I’m reminded of the challenge of differentiating our message from scores of others at about this time of year when my colleagues and I meet to develop the next annual report.
One issue is always in the forefront of my mind: Ensuring that the theme and subject matter are interesting enough to engage the active interest of state legislators. Yes, it’s important that other clients and stakeholders see it, but legislators are at the top of the list. They hold the principal purse strings.
Even so, I know how colossally difficult this is.
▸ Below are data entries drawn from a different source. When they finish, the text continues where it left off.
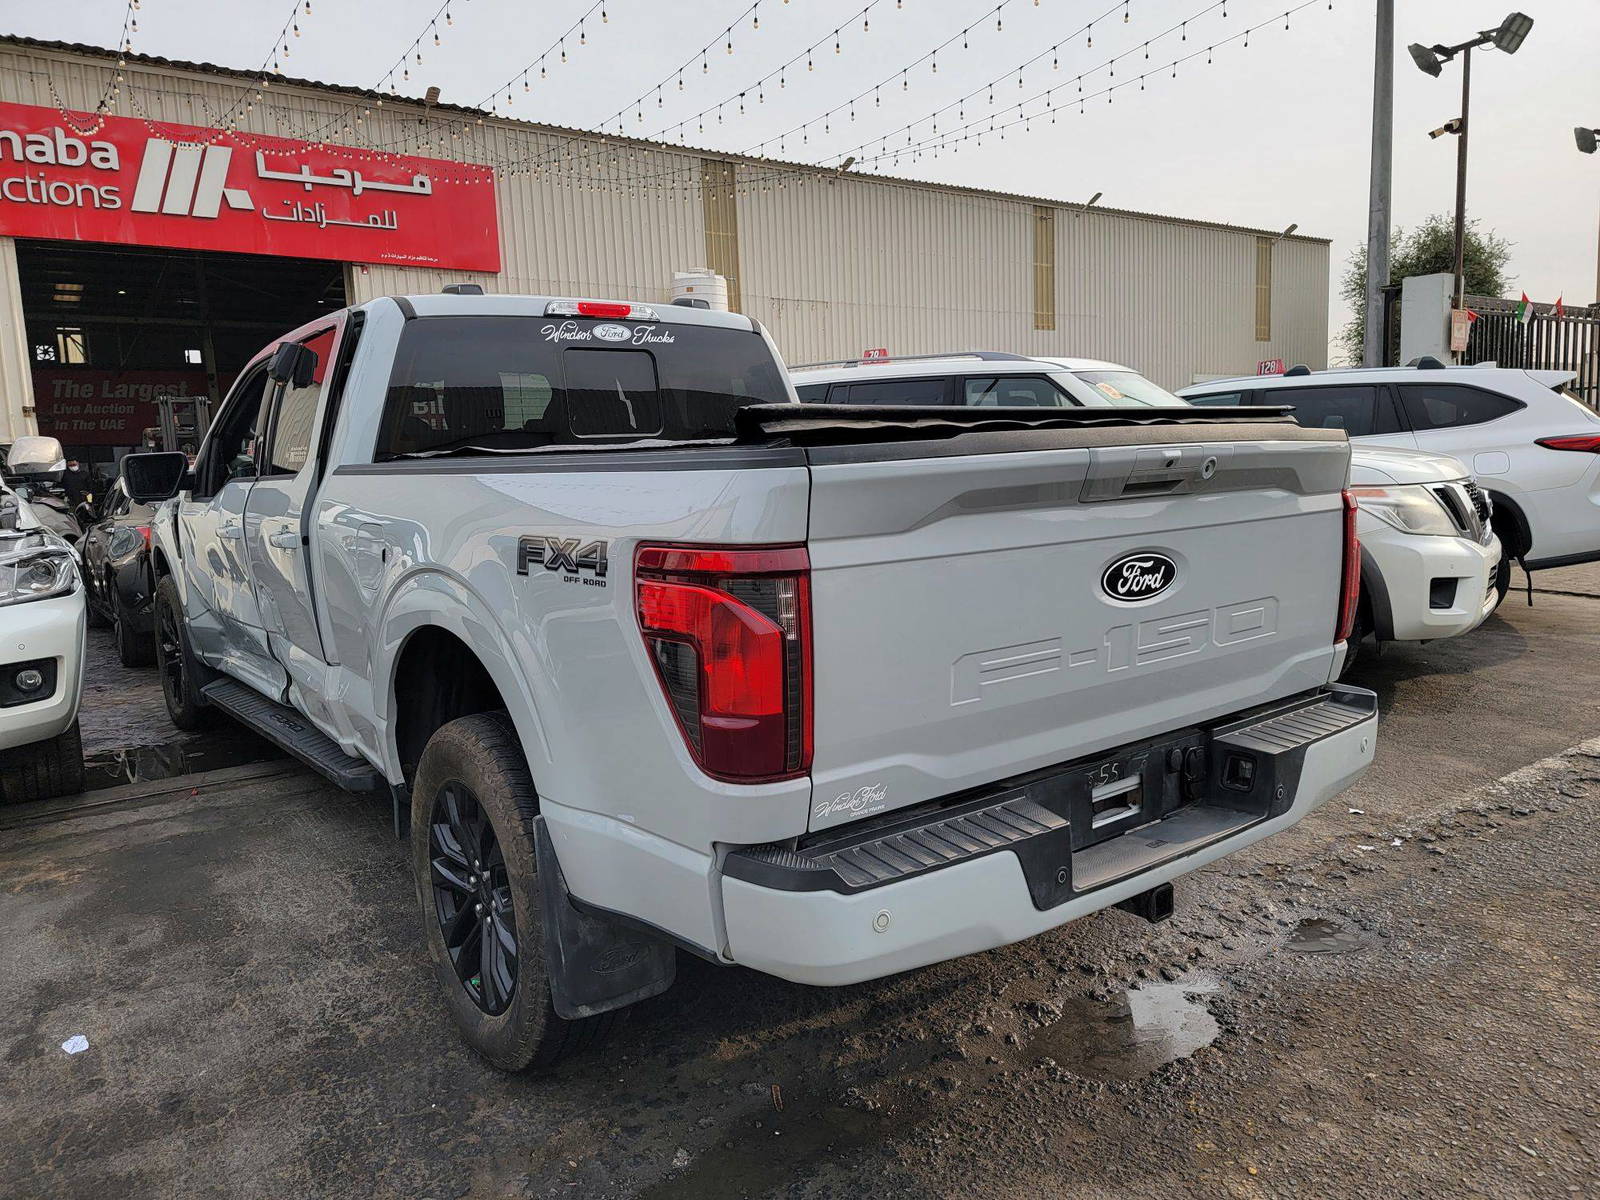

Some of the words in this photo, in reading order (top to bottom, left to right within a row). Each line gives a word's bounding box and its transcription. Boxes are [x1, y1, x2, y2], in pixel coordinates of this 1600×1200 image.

[0, 172, 122, 209] ctions
[540, 321, 592, 342] Windsor
[631, 325, 675, 345] Trucks
[1260, 360, 1276, 375] 128
[52, 379, 95, 399] The
[102, 380, 188, 402] Largest
[53, 403, 82, 415] Live
[83, 403, 136, 415] Auction
[55, 419, 69, 431] In
[71, 419, 97, 431] The
[100, 418, 127, 431] UAE
[517, 535, 608, 577] FX4
[563, 575, 581, 584] OFF
[583, 578, 607, 587] ROAD
[1117, 560, 1165, 595] Ford
[950, 596, 1280, 706] F-150
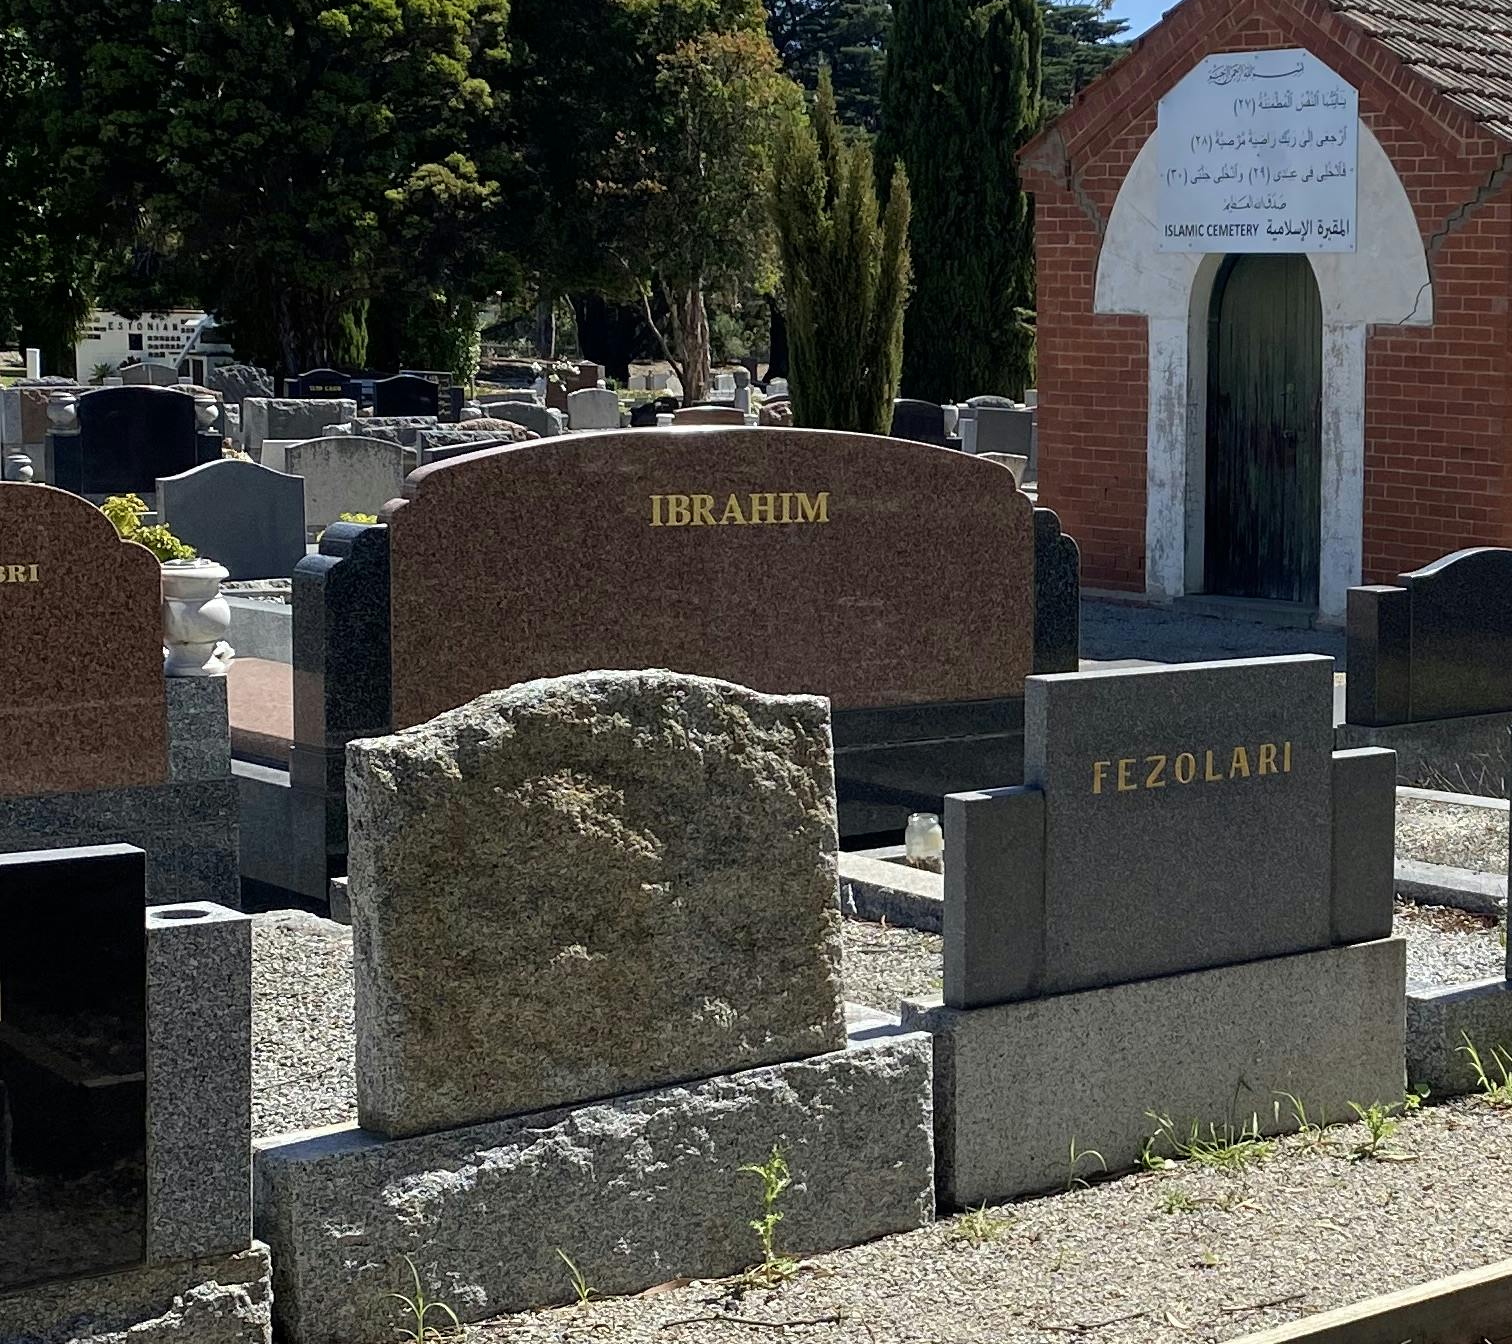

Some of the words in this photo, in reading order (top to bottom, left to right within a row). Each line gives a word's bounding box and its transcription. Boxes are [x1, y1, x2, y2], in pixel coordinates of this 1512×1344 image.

[1190, 135, 1213, 154] (٢٨)
[1166, 168, 1188, 186] (٣٠)
[1248, 167, 1271, 186] (٢٩)
[1164, 224, 1204, 237] ISLAMIC
[1206, 223, 1260, 237] CEMETERY
[1266, 218, 1313, 242] الإسلامية
[1317, 218, 1350, 241] المقبرة
[108, 321, 178, 331] ESTONIAN
[648, 492, 830, 526] IBRAHIM
[1092, 740, 1293, 795] FEZOLARI
I’ve spent a few days during legislative sessions walking through Statehouse corridors watching legislators being buttonholed by one lobbyist or constituent after another, often plied with glossy publications of every shape and description.
As hard as we try, I know that more often than not, the fruits of our creative efforts run the serious risk of being consigned to “File 13” along with all those other glossy publications.
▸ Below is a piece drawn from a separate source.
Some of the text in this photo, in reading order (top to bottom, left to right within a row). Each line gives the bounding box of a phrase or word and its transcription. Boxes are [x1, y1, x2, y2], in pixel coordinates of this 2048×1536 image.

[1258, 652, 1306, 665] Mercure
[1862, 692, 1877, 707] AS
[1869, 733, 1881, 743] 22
My perennial concern: presenting this report in a way that distinguishes it from every other similar product.
Small wonder why I’m captivated by Harvard marketing guru Youngme Moon’s new book, “Different: Escaping the Competitive Herd, Succeeding in a World Where Conformity Reigns but Exceptions Rule.” I try and limit book purchases to a couple a month and happen to be seriously backlogged this month, but, alas, I couldn’t resist a book with that captivating a title.
Here’s the big problem as she sees it: Corporate marketing is operating on the basis of a highly antiquated strategic model. It prompts businesses to conform to their competitors’ branding rather than explore ways to separate their product from the hundreds, if not thousands, of similar products. The end result is a gradual homogenization of products.
One of the more notorious examples: college ranking systems, which work to dissuade universities from experimenting with new models of pedagogy that will not likely reflect well in the metrics.
Moon’s purpose for writing the book is to start a dialogue rather than to offer hard and fast solutions. Needless to say, there are major implications for Cooperative Extension — otherwise, I wouldn’t have taken the time to post this.